Владимир Познер потрясен откровенным признанием в любви The presenter posted a message dedicated to his deceased mother. All her life she suffered from self-doubt, which eventually became more. Posner still can’t get over the death of her. Her friend shared with a celebrity letter, touched by Vladimir Putin to the core.

      Days 82-year-old Vladimir Pozner shared in his long and heartfelt post about his mother Geraldine Lotten, who passed away in may 1985 from a ruptured aorta. Leading still can’t accept her death. “You know what I find inexplicable? That death affects our imagination, shocking to us. What can be said about the birth of anyone; but death is as natural a thing as birth. I understand that my mother died. I’ll admit it. But I refuse to consider it “normal,” wrote Posner.

      Mr Putin said that one of my friends parents sent him a letter, full of sincere feelings for Lutten. It outlined the life story of her lead. “Once he was in love with my mother – however, perhaps loved her all his life. I knew him when we lived in America, he came to us when we lived in Berlin. He always seemed gentle, kind and smart. But, as I understand now, nothing is said, because he was (and is) a special person”, – said Posner.

      The confession of the other parents seemed to be leading a very accurate portrait of his late mother. Posner admitted that he would hardly he was able to write something like that. Mr Putin was grateful to the man for a true picture of Geraldine Lotten.

      “It cannot be said that the letter told me something about my parents, what I didn’t know. But it is one of the most remarkable, the thinnest, most loving portraits of my mother. Whether it’s a painting, it would be hanging in my office. But this letter, and it is always where I can easily reach it,” – said Posner.

      In his letter, friend’s parents host reported that he was familiar with Geraldine about fifty years and said goodbye to her time in new York, Berlin, Paris and Rome.

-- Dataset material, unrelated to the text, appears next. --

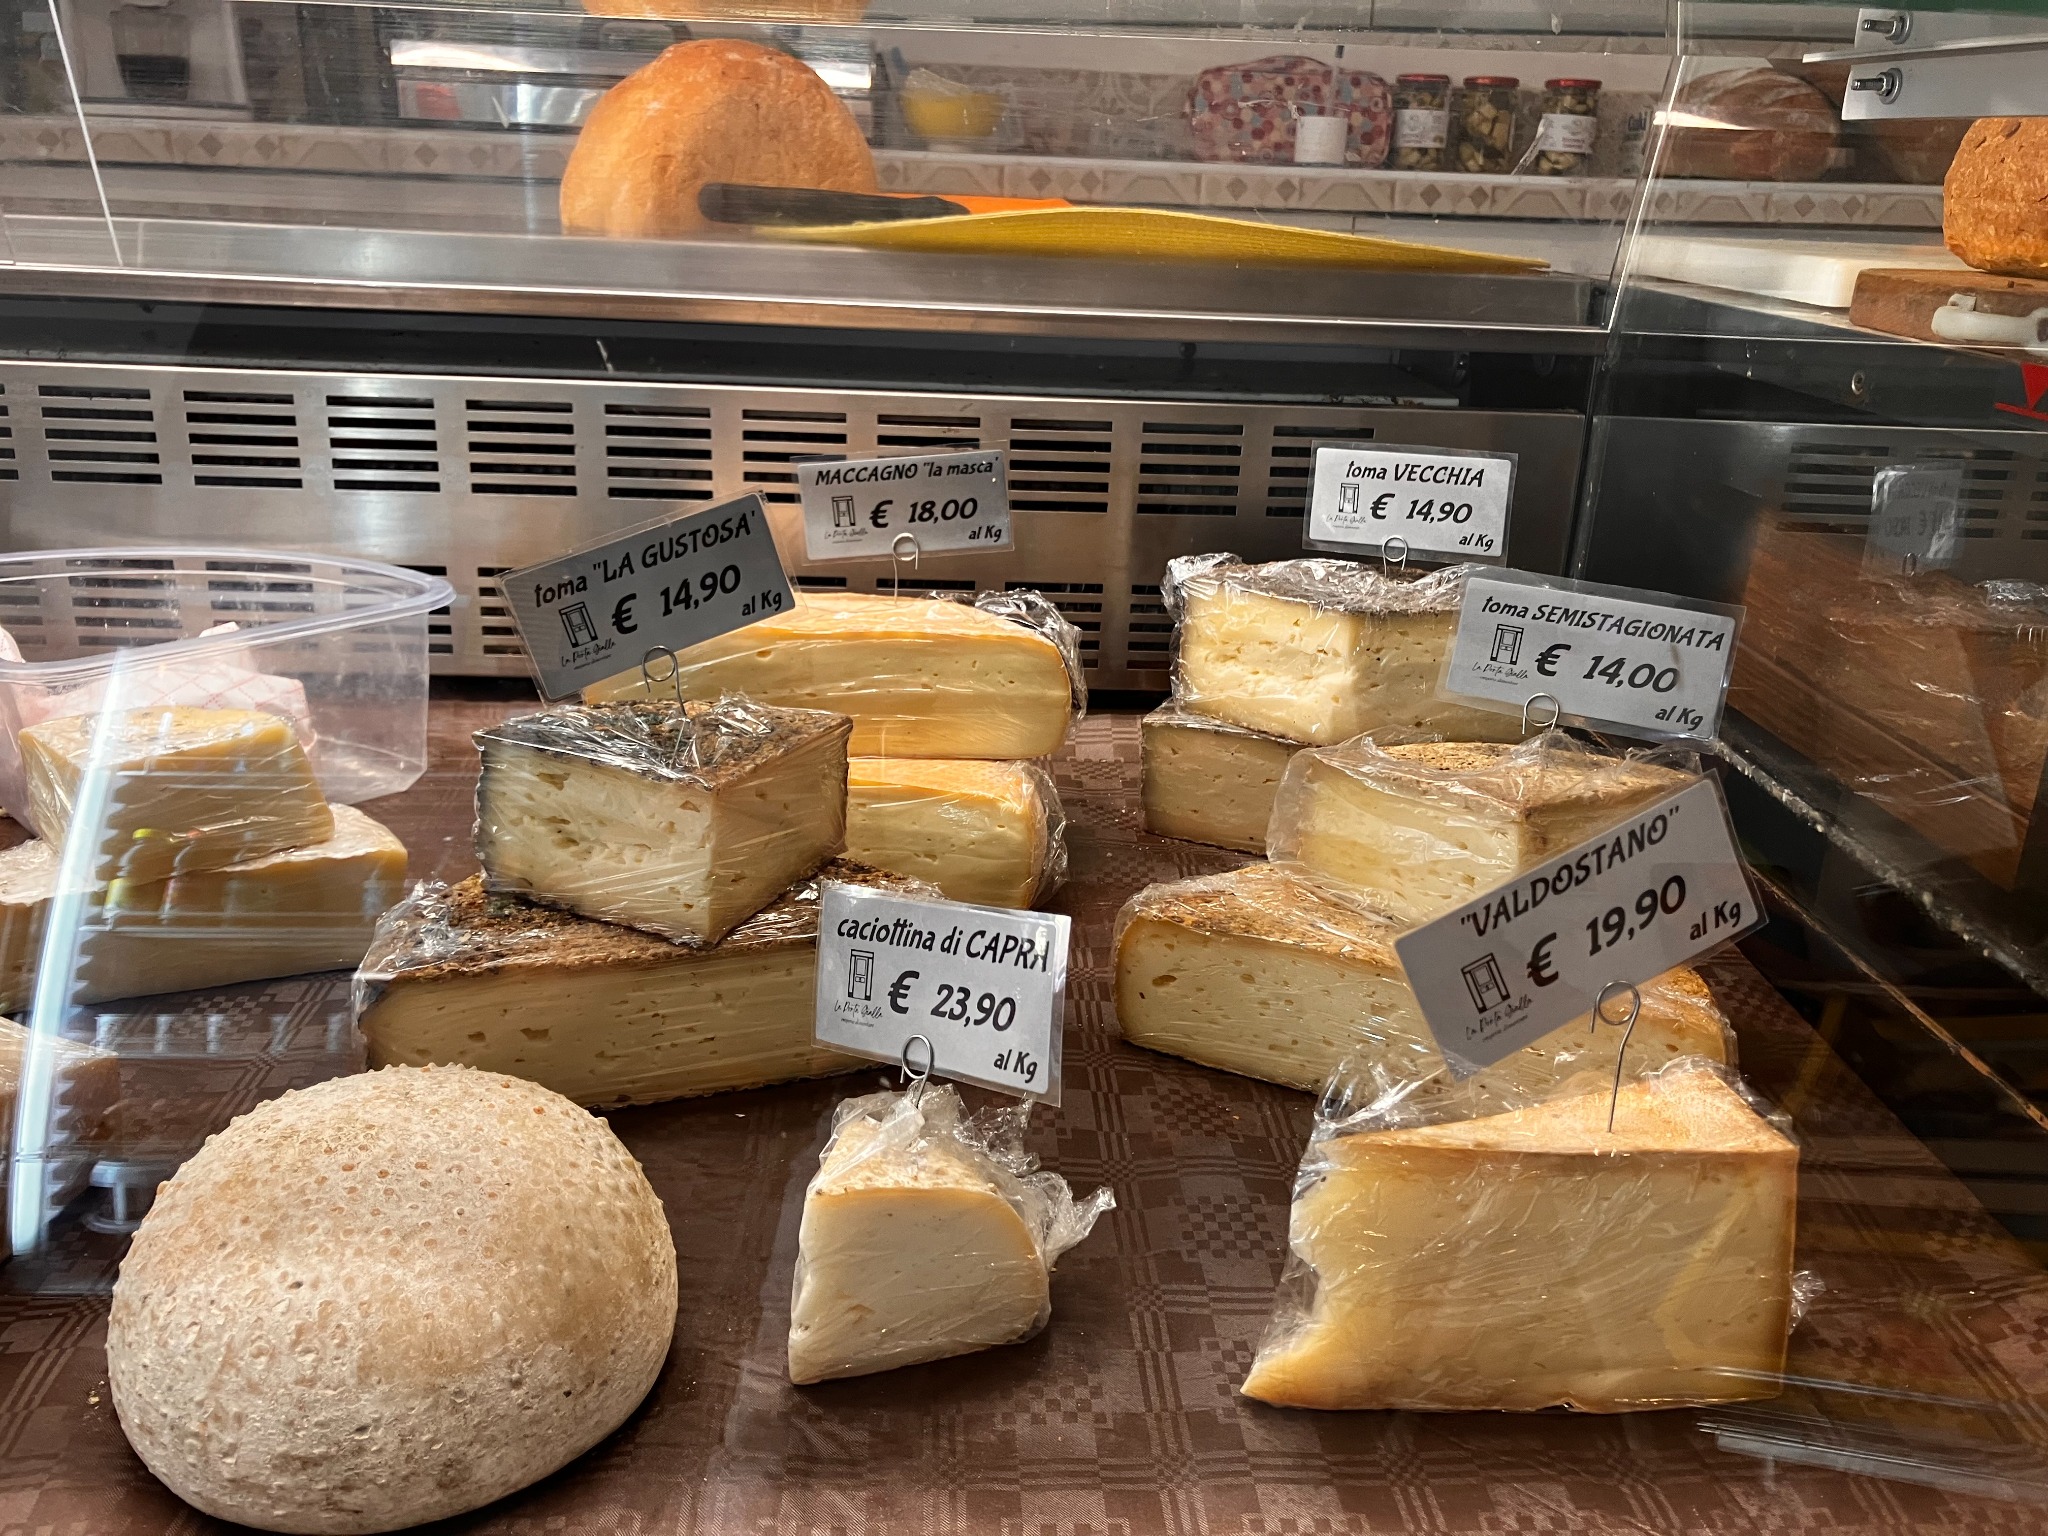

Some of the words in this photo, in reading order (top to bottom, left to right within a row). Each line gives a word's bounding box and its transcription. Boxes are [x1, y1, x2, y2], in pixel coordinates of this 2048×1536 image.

Every time man thought he saw the French one last time. According to him, life had treated her harshly and unfairly. In addition, Posner’s mother was forced to bury her husband, who loved and always supported – and in sorrow and in joy. The death of a husband knocked the woman off balance, shattered her already fragile composure.

      “In the absence of your father and his support (which she needed due to the fact that, as I said, lived with peace of crack, with holed sense of self-confidence), it was fear of this world; it seemed to me that trips and meetings with old friends she tries to fill the void, the pit – trying to convince myself that living life is not in vain. It was a battle with old age, sickness and loss of a sense of identity, which has given her marriage and family,” wrote one parent Posner.